Tuesday, August 01, 2006

addenda and

In my last post, I should have pointed out some more notable exceptions, in the queer community, to one of the norms described there. The queer punk scene in particular features some of the most wide-ranging activism (and aesthetic open-mindedness) I've come across anywhere. The hard work, good cheer and generosity one often finds in abundance among young anarchists is rare and wonderful.

A songwriter who exemplifies the best in queer political music is Scott Free, lynchpin of the Chicago queer folk scene, who's not a young anarchist and is only sometimes a punk rocker. Last year's They Call Me Mr. Free covers more ground than just about any album of political music I've heard in years, from high school gaybashing to the Iraq war to racial profiling and the corrupt Chicago courts to the insult of "disco divas singing at PrideFest," and more, all with subtlety, thought, detail, meticulous melodic writing, better hiphop than hiphop, and heavier rock than heavy rock.


If you're interested in more Fringe festival news, D.R. Israel blurbs the DC Fringe in a recent post.


The hubbub started by Ron Silliman's recent post on Gabriel Gudding, which I haven't been following very carefully, brings up some issues that matter to me (Silliman loves those figures who like to generate controversy, doesn't he? Controversy by proxy?). I surely shouldn't have taken the snide little swipe at Gudding I allowed myself in Ian's comments box today, since I don't know Gudding, have barely read his writing, and haven't even gone through the controversial eight-year-old essay yet. For all I know, he is indeed a genuine sweetheart, not a new age narcissist, and a smart writer. Or not; I'm no authority. Ian's post does point to something that's concerned me since I started reading poets' blogs, though: the "anxiety of influence" among younger poets doing work that's at least broadly interesting in the U.S. (I should point out that using a phrase of Harold Bloom's here causes me some mild nausea).

The phenomenon in brief:
Poet fears being called derivative, especially where hir immediate poetic predecessors are concerned. Poet goes around describing other peoples' writing in terms of those predecessors, and talking about how "old" things are. Criticisms go back and forth. Often the anxious poet writes in a style that could also be called derivative--it's just that it's derived from styles that aren't currently part of the nexus of anxiety. This is probably a disease of "scenes," a symptom of jockeying for social status... or the result of quick and careless reading habits.


The Minnesota Fringe festival is great; I've seen almost nothing that's dreadful, and much that's at least good, some amazing. Our own show is getting great responses, which surprises the hell out of me. People in Minneapolis apparently want to see weird art. Nice city, too. More detailed reports to follow.

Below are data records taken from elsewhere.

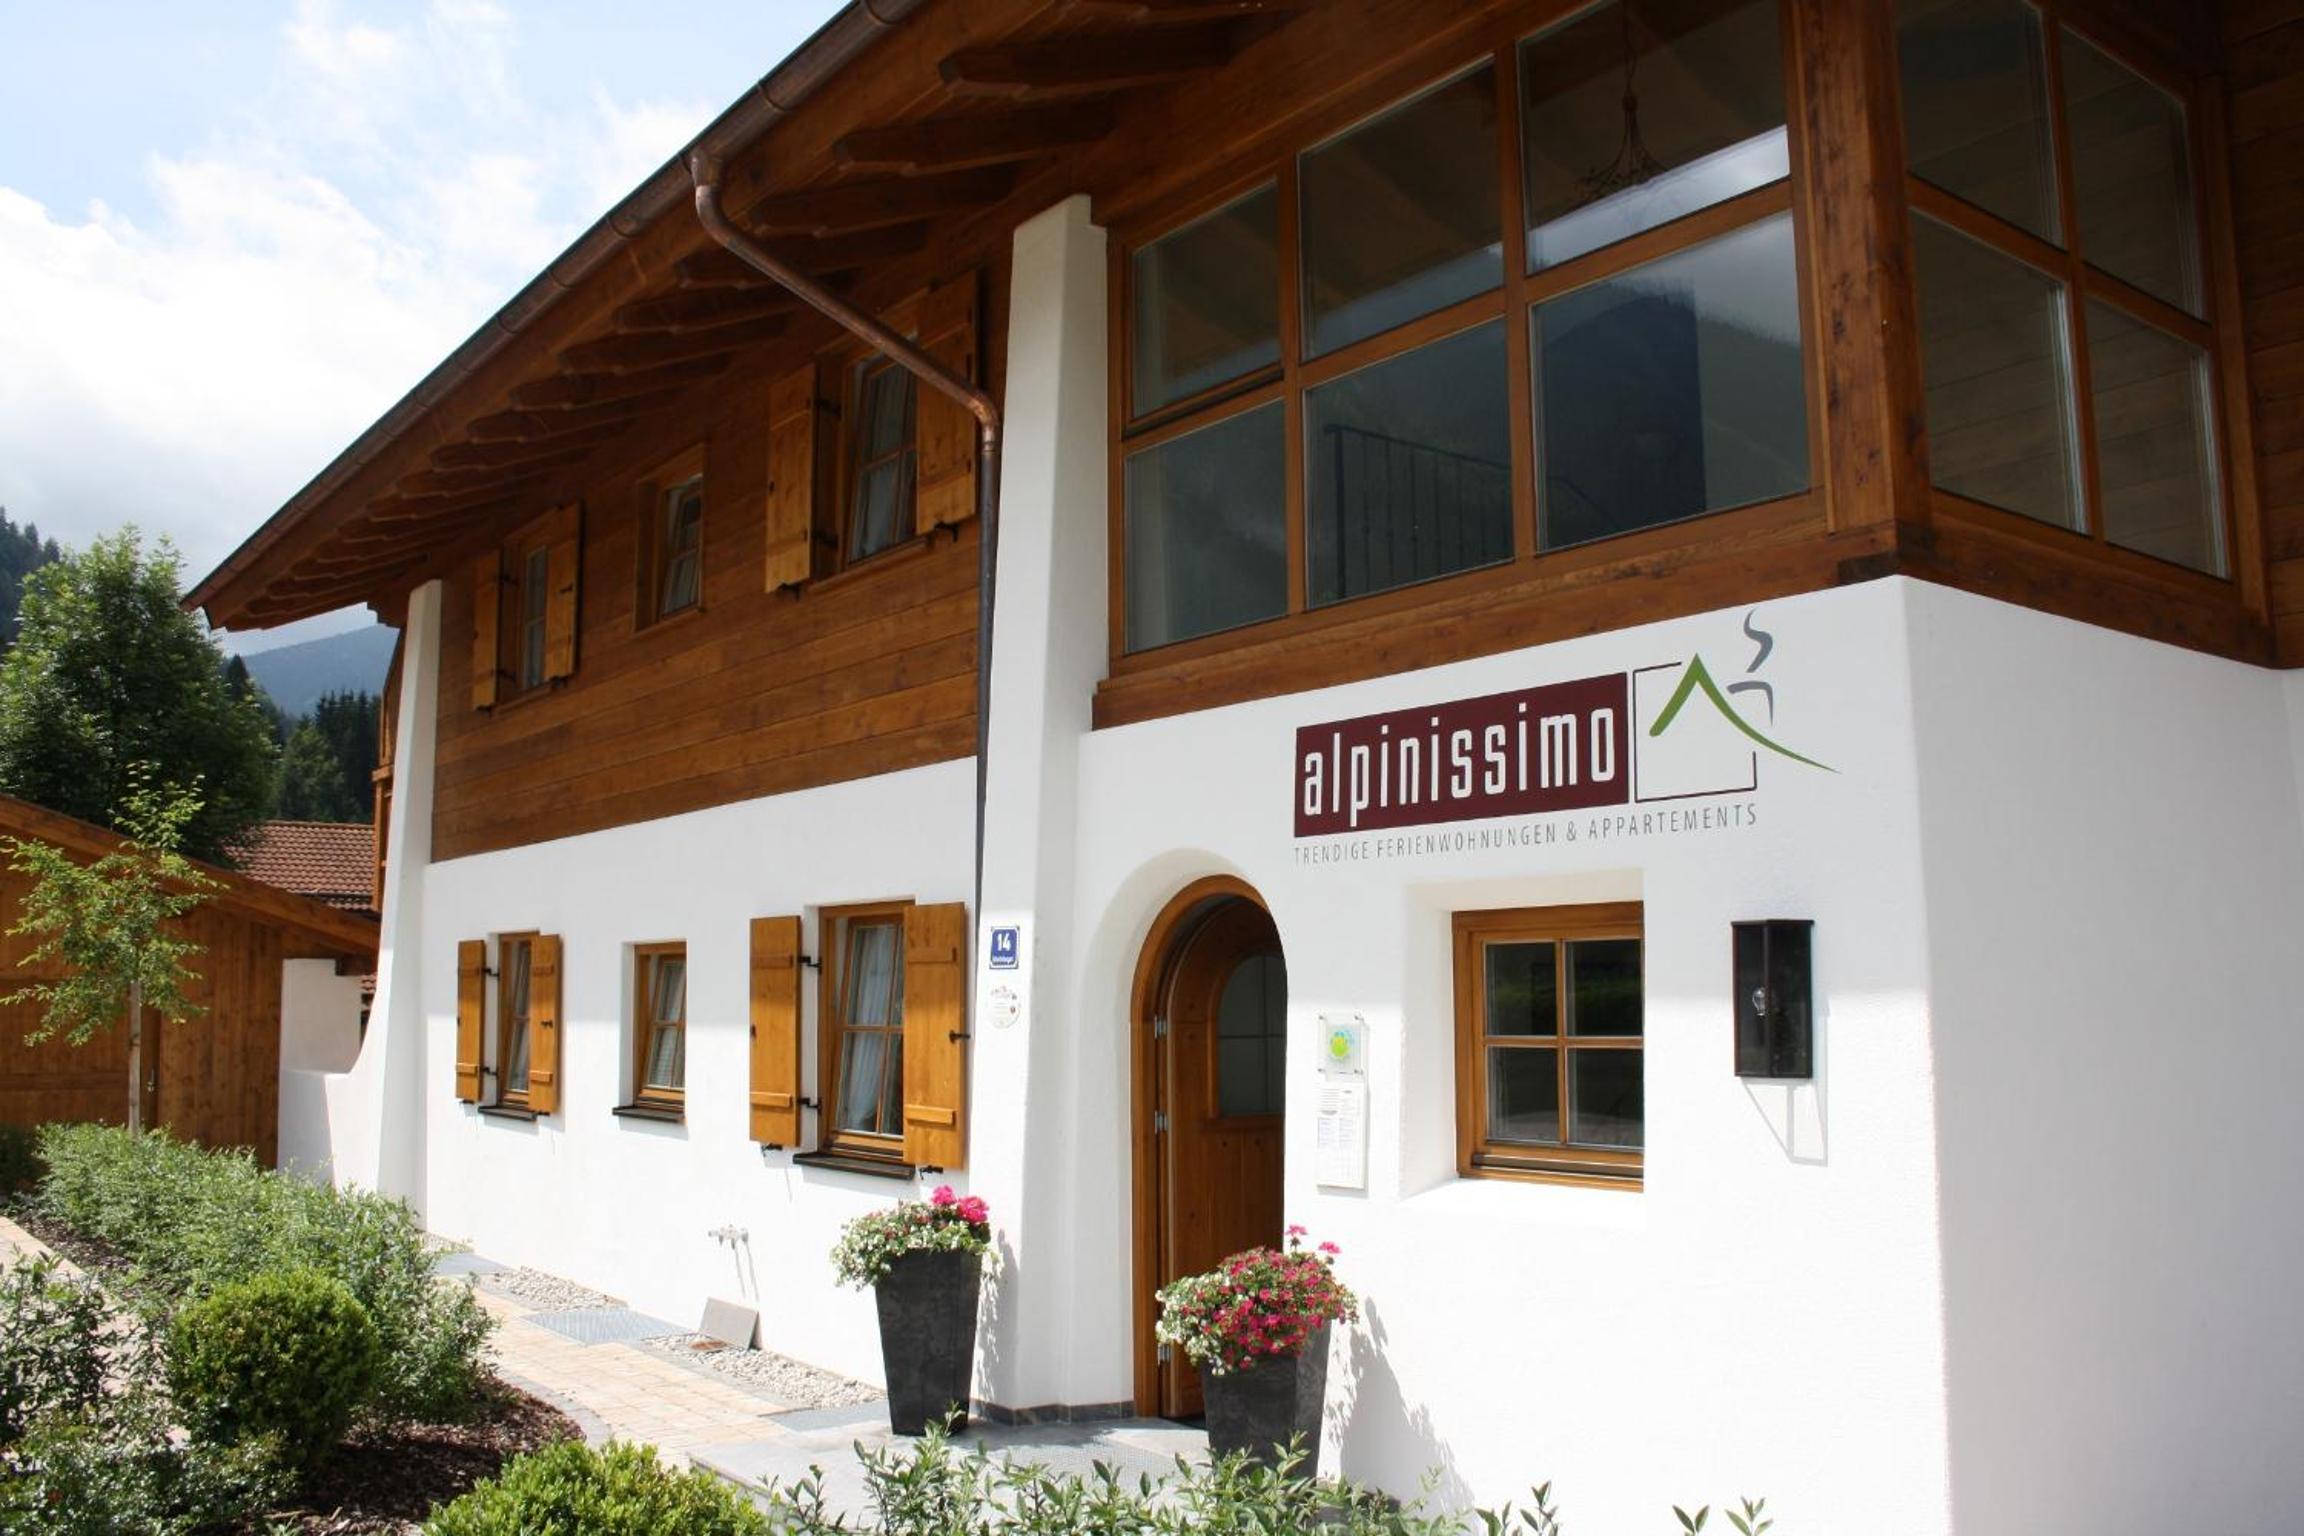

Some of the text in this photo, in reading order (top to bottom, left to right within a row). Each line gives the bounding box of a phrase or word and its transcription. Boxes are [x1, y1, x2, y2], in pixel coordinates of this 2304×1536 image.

[1304, 703, 1615, 826] alpinissimo
[1294, 804, 1758, 865] TRENDIGE FERIENWOHNUNGEN & APPARTEMENTS
[997, 933, 1011, 951] 14
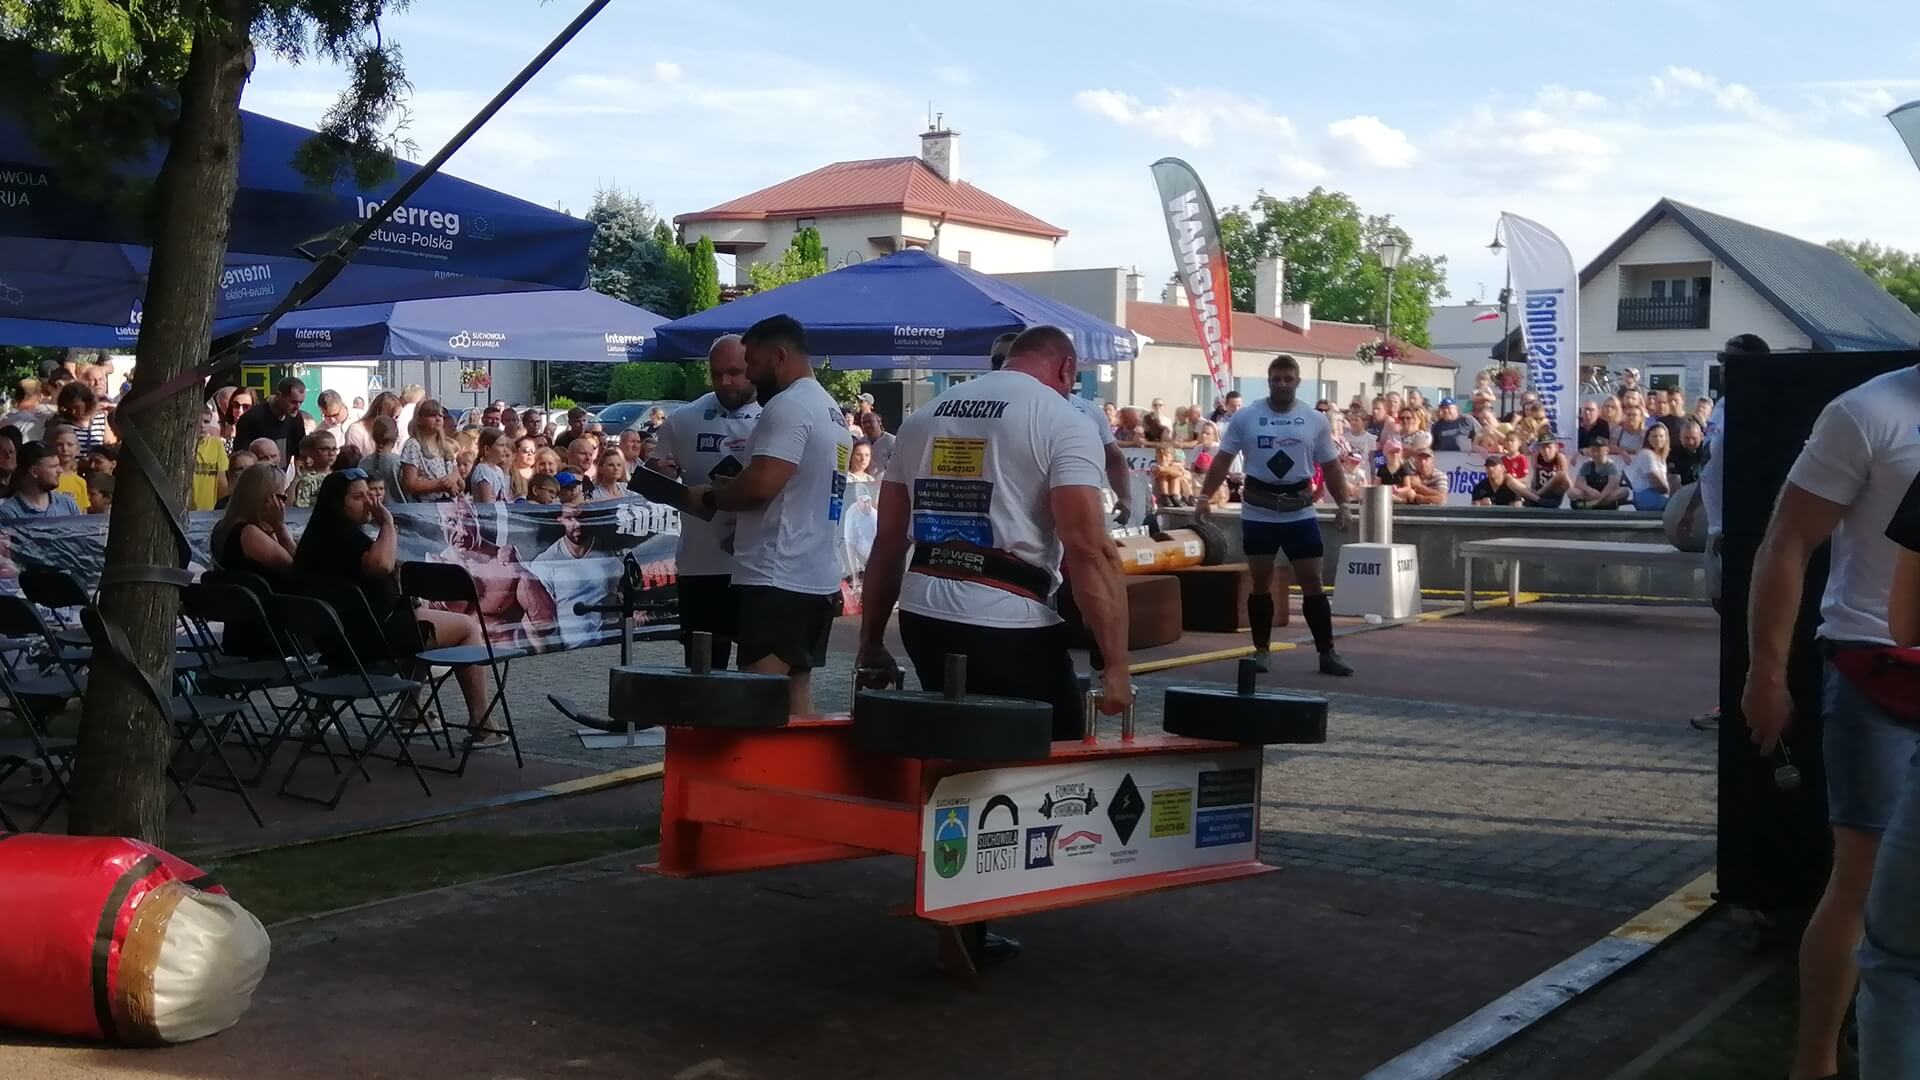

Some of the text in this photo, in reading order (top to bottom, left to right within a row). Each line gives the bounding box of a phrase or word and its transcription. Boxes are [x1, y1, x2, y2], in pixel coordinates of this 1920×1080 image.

[0, 170, 48, 187] WOLA
[356, 195, 460, 235] Inerreg
[295, 328, 331, 340] Interreg
[472, 332, 506, 341] SUCHOWOLA
[894, 325, 945, 338] Interreg
[471, 340, 500, 349] KALVARIJA
[604, 332, 645, 346] Interreg
[933, 400, 1010, 419] BŁASZCZYK
[1348, 561, 1382, 576] START
[1397, 559, 1414, 573] START
[978, 831, 1018, 847] SUCHOWOLA
[1030, 832, 1048, 865] psb

  • At August 7, 2006 at 9:51 PM, Blogger david raphael israel said…


    this anxiety-of-influence stuff is a curiousity, no doubt. (I can imagine what you describe, though not [I think thankfully] having observed it en masse.)

    But so much of the poetry that seems interesting to me feels to be premised (and perhaps this is obvious or goes w/o saying -- but here's saying it) on an opposite affective trait or condition:

    happiness of influence, ease of influence, delight of influence.

    If one had leisure, one could go back to Bloom, think about the Freudian underpinnings, and spin out a counter-paradigm. This quick note sketches the concept in brief. The word influence, however, may not have either a wide enough, or a precise enough, field; or, there may be a range of relationship-words between antecedent and practitioner: recollection, allusion, homage, influence, as well as various forms of countering or opposition or "bouncing off of" (etc.) that are withal un-anxious. ;-)

    just some thoughts

    btw thanks for the DC fringe pointer.